Whatever ‘all this’ is, no one is preventing you from presenting a balanced article on it.
Thanks Paul
And Creg, Caribbean officials have told me quite blatantly that in their past they ran on money laundering
It’s just money laundering has got more sophisticated now. We dress it up in front companies, transfer pricing abuses, and the like
But it happens. Drug money does flow round the world
Tax evasion is rampant
Of course this is an onshore and offshore business – as UBS proves – and for all states
It would be a lot harder without tax havens – where like it or not regulation is very, very light touch
Maples & Calder ahve said so for a start – admitting they do not check if their US clients pay US tax. That is negligent and a breach of money laundering rules in my opinion. Clearly not in Cayman
Richard
Drug money does flow round the world
Yes it does, and until people realise this a worldwide problem not just an OFC problem the better it can be fought.
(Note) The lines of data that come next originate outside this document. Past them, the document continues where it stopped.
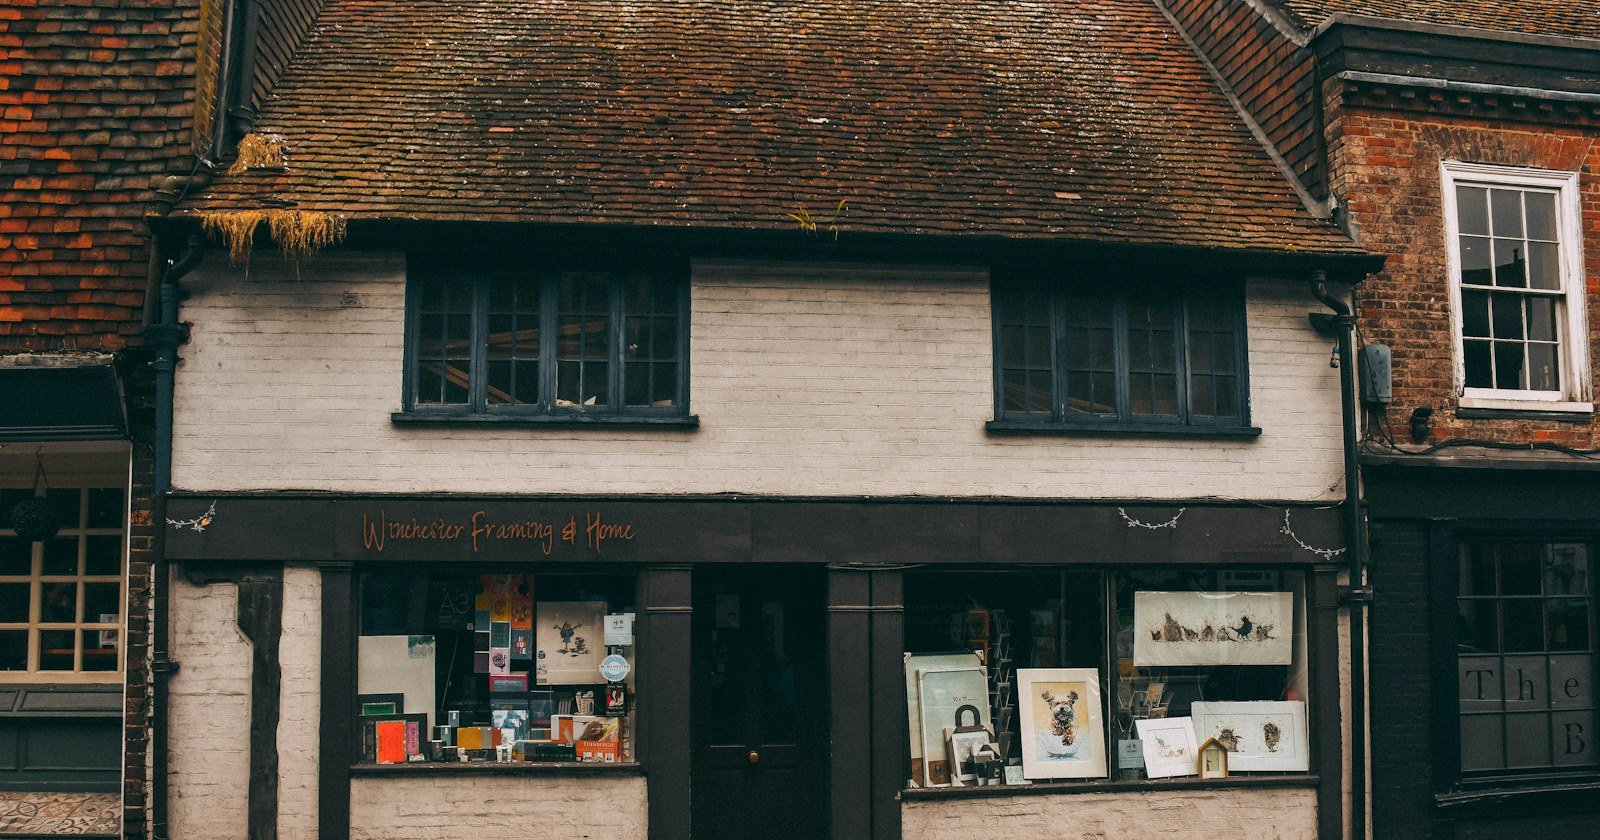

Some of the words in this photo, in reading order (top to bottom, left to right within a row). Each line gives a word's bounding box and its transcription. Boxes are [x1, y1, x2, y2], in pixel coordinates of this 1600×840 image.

[363, 510, 464, 551] Winchester
[471, 510, 553, 555] Framing
[562, 513, 577, 545] &
[586, 512, 636, 553] Home
[439, 593, 470, 614] A3
[1466, 668, 1580, 700] The
[1560, 722, 1585, 755] B
If the US and the UK used the same strong tough measures against money laundering as the more reputable OFC’s then things could be a lot better. Let us not forget where the placement of criminal money occurs.
As for M &C admitting that they do not check if their US clients pay US tax, how many UK based banks check? I’m sure very few if any.
Hell even the UK banks do not check if their UK tax payer pays all their tax. They may withhold the minimum, but they do not check if the earner is a higher rate tax payer and pay all the tax on the interest he/she recieves from the bank.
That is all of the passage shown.